Assignment: Leaving the pictures aside, transcribe every line below exactly.

Data section start

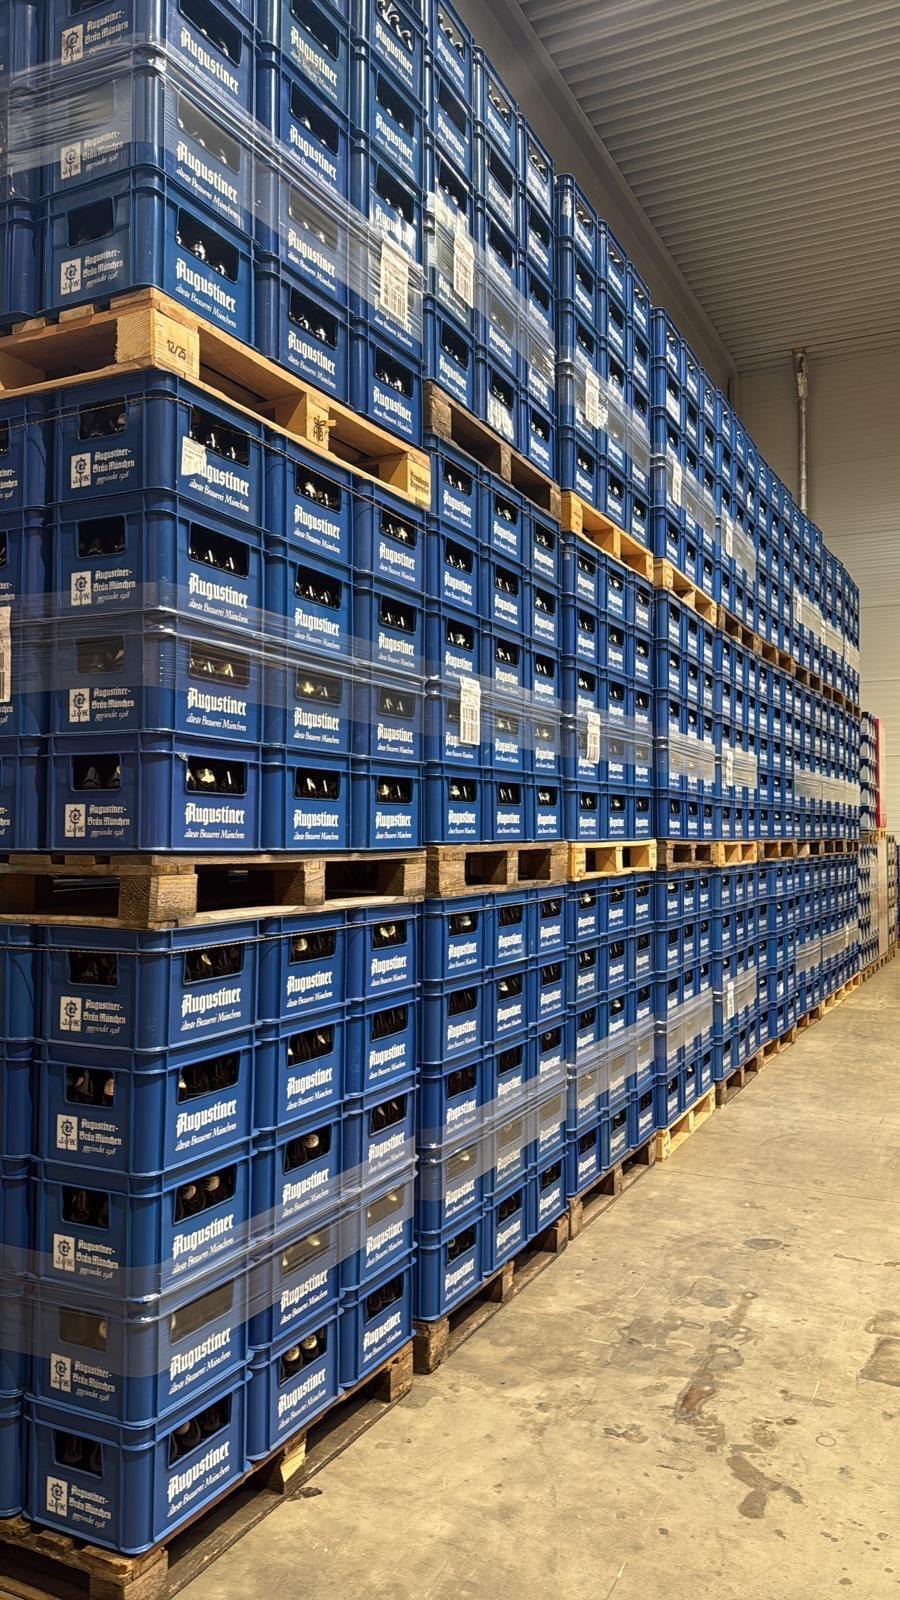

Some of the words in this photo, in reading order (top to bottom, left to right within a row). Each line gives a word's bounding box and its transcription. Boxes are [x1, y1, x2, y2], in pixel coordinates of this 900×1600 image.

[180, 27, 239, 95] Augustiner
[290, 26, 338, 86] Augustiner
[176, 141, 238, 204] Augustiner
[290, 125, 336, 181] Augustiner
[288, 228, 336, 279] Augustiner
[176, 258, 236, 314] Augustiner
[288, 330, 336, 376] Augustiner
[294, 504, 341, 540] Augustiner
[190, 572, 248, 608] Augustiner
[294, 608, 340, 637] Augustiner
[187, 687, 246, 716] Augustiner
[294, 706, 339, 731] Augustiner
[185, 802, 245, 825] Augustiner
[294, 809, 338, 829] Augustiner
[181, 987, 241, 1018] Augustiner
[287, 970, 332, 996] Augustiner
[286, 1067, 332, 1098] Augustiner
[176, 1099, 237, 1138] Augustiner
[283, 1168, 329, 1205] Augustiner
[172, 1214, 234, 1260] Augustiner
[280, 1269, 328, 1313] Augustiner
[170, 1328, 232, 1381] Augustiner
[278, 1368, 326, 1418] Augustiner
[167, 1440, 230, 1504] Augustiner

Data section end

Exercise response:
Some of the words in this photo, in reading order (top to bottom, left to right within a row). Each line gives a word's bounding box and its transcription. Boxes are [x1, y1, x2, y2], in pixel coordinates of this 900×1600 image.

[180, 27, 239, 95] Augustiner
[290, 26, 338, 86] Augustiner
[176, 141, 238, 204] Augustiner
[290, 125, 336, 181] Augustiner
[288, 228, 336, 279] Augustiner
[176, 258, 236, 314] Augustiner
[288, 330, 336, 376] Augustiner
[294, 504, 341, 540] Augustiner
[190, 572, 248, 608] Augustiner
[294, 608, 340, 637] Augustiner
[187, 687, 246, 716] Augustiner
[294, 706, 339, 731] Augustiner
[185, 802, 245, 825] Augustiner
[294, 809, 338, 829] Augustiner
[181, 987, 241, 1018] Augustiner
[287, 970, 332, 996] Augustiner
[286, 1067, 332, 1098] Augustiner
[176, 1099, 237, 1138] Augustiner
[283, 1168, 329, 1205] Augustiner
[172, 1214, 234, 1260] Augustiner
[280, 1269, 328, 1313] Augustiner
[170, 1328, 232, 1381] Augustiner
[278, 1368, 326, 1418] Augustiner
[167, 1440, 230, 1504] Augustiner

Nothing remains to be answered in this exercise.